Do I really need a PT’s approval for sex? Will she be more understanding if I explain that it started with burgers?

The scene: Me and my friend DJ — 35, medium brown, attractive, male, an Army vet who, save for his close-shaven fade, looks too easygoing to ever have been in uniform — waiting for a table at a restaurant serving burgers whose calories he suggested I burn off with sex.

“That’s not just me trying to be inappropriate,” he said. “I’ve heard it can help with back problems, you know, because of the release.”

I had heard in DJ’s suggestion a chance at redemption. It gave me hope I could be the woman he had seen when he met meat a professional networking event about two months before my injury. DJ told me he had watched me for almost half an hour that night, waiting for a moment to talk to me.

We tried dating then. I told myself my allure for him was sexual, but I felt girlish and awkward the first night we had sex. The dress I had chosen for the evening — a floor-length pink halter sundress that accented my shoulders and made my A cups look purposeful — couldn’t outwit my afro puffs and the permission I had secured from my mom to leave the house at 10 p.m. on a Tuesday. Me: “Hey, I’m going out. Can you move your car? You’re parked behind me.” Her: “Going out where?” Nearly a year later, I still wanted to live up to the potential of the woman DJ first saw. A grown woman could enjoy just a release.

I say none of this to my PT. I cringe and wait.

“Oh, yeah, that’s okay.” My PT’s massage shifts to a rub. “Just keep the positions pretty standard.
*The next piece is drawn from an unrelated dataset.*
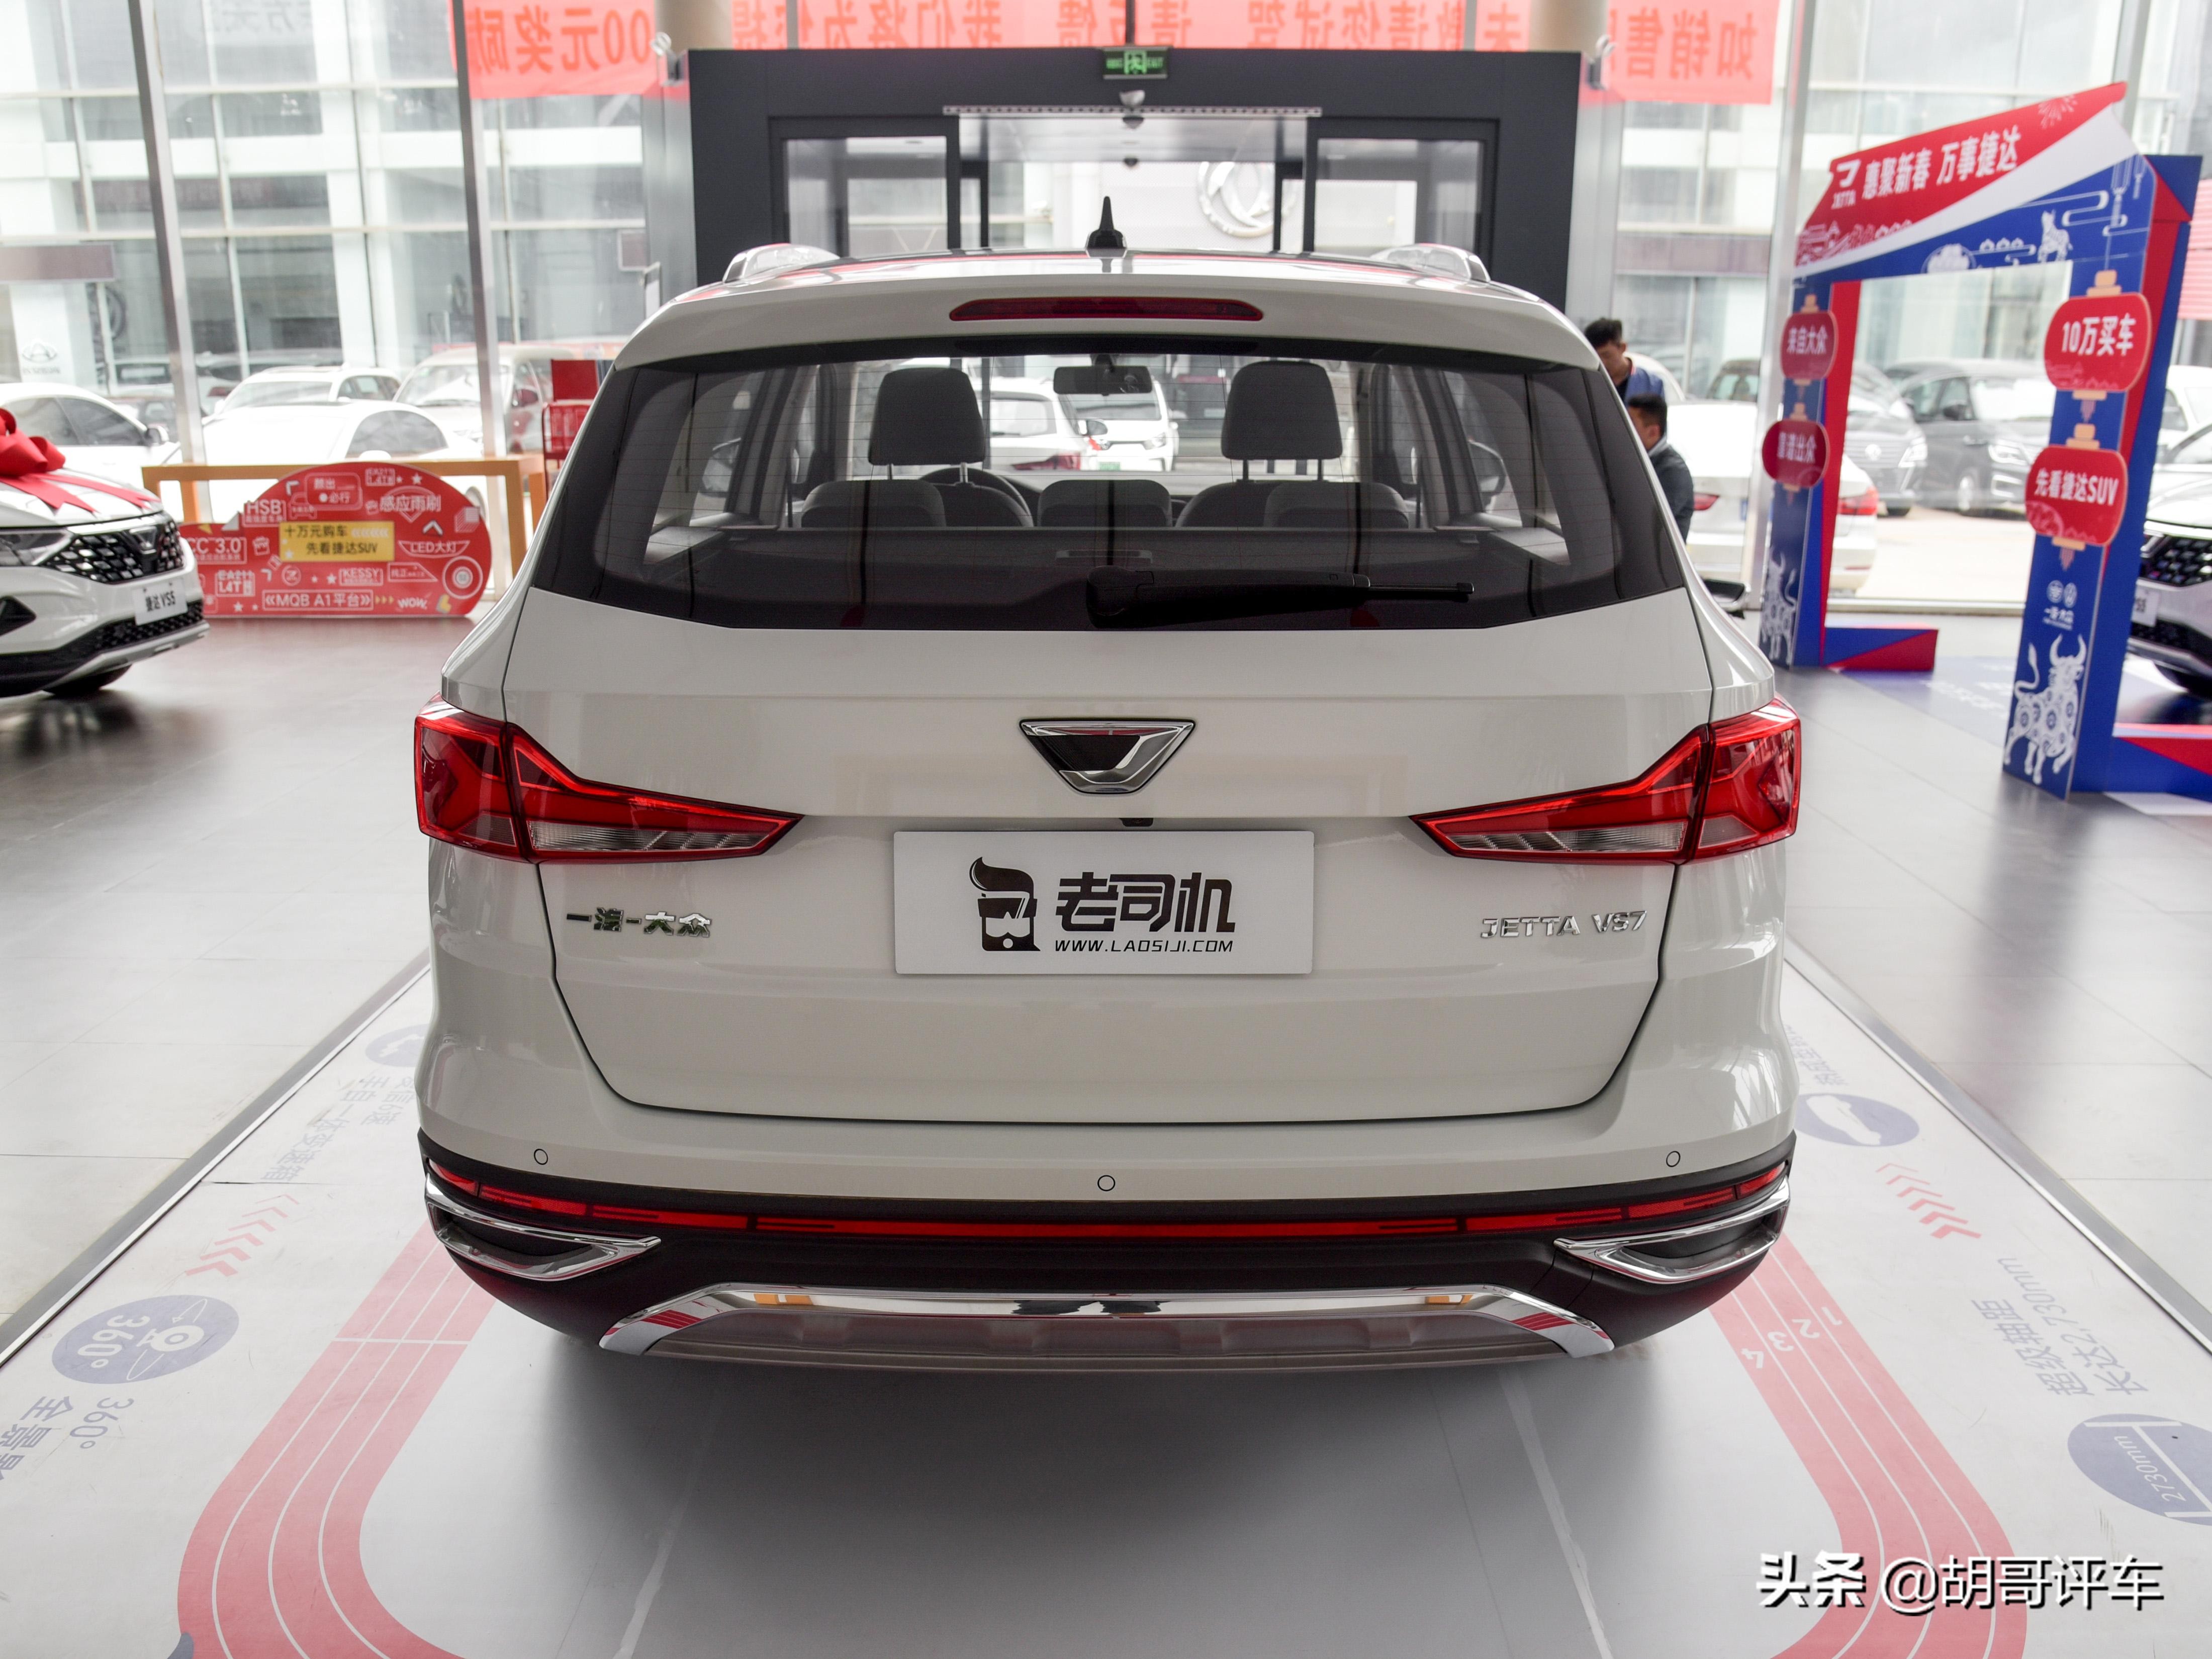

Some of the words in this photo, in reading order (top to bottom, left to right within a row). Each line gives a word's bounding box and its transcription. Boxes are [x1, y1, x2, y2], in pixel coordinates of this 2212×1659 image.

On top or on your side will probably be most comfortable for you. But yeah, of course, sex is fine. The release can even be good for you.”
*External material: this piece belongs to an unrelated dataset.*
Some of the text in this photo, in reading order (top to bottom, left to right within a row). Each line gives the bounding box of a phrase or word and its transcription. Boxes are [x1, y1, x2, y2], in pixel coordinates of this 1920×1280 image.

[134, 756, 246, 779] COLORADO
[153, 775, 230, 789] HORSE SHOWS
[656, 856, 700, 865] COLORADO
 Of course sex is fine. In the four years since I broke up with Brian, no one has said this to me. In that moment, it feels like sex may always be fine, that years of awkwardness, of hating my body, of hearing that on my wedding night desire will return untamed after years of resisting it are gone. That the sacroiliac joint is functional, the pubic muscles will relax every time I open my legs. That the heart has forgotten its muscle memory.

Age 35

I’ve just told my doctor that the pain in my back resurfaces at about the same time every year, near the date I slid down a stripper fitness pole and ruptured a disc. The doctor, a resident at the teaching hospital Juan recommended for muscle manipulation therapy, let out an involuntary squeal and told the med school student interning with her that what I’ve described fits Dr. Robert Fulford’s theory about the body having memory.

In his book Touch of Life, Fulford writes, “An anniversary of an illness can make you recall the past memory of your pain and the details of your life since then, the bad as well as the good. Something about this process is weakening. … No one has a clue why this happens, but it’s my guess that traumas get imprinted either in the nervous system or in the muscles.”
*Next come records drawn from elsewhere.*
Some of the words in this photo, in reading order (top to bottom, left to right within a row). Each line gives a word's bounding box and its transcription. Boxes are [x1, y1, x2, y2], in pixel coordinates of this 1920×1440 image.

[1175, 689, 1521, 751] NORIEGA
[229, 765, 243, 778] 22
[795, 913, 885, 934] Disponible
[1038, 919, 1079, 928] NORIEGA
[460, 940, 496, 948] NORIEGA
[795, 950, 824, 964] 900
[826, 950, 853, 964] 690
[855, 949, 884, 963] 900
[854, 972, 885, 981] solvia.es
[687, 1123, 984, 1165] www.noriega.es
Or, as my doctor summarized for her student, “Body remembers trauma. Pain comes back around the anniversary of the trauma.” Then she turned back to me, sitting in the examination chair. “Now I’m going to ask you something that will sound a little strange. Sometimes pain shows up again on an injury’s anniversary because the body wants to remind us not to return to whatever we did to cause the injury in the first place. I want you to think about that as I ask you, do you need this pain?”

I think about my life before the injury, before I knew the location of my L5 and S1 vertebrae, before the Notes app became my pain journal.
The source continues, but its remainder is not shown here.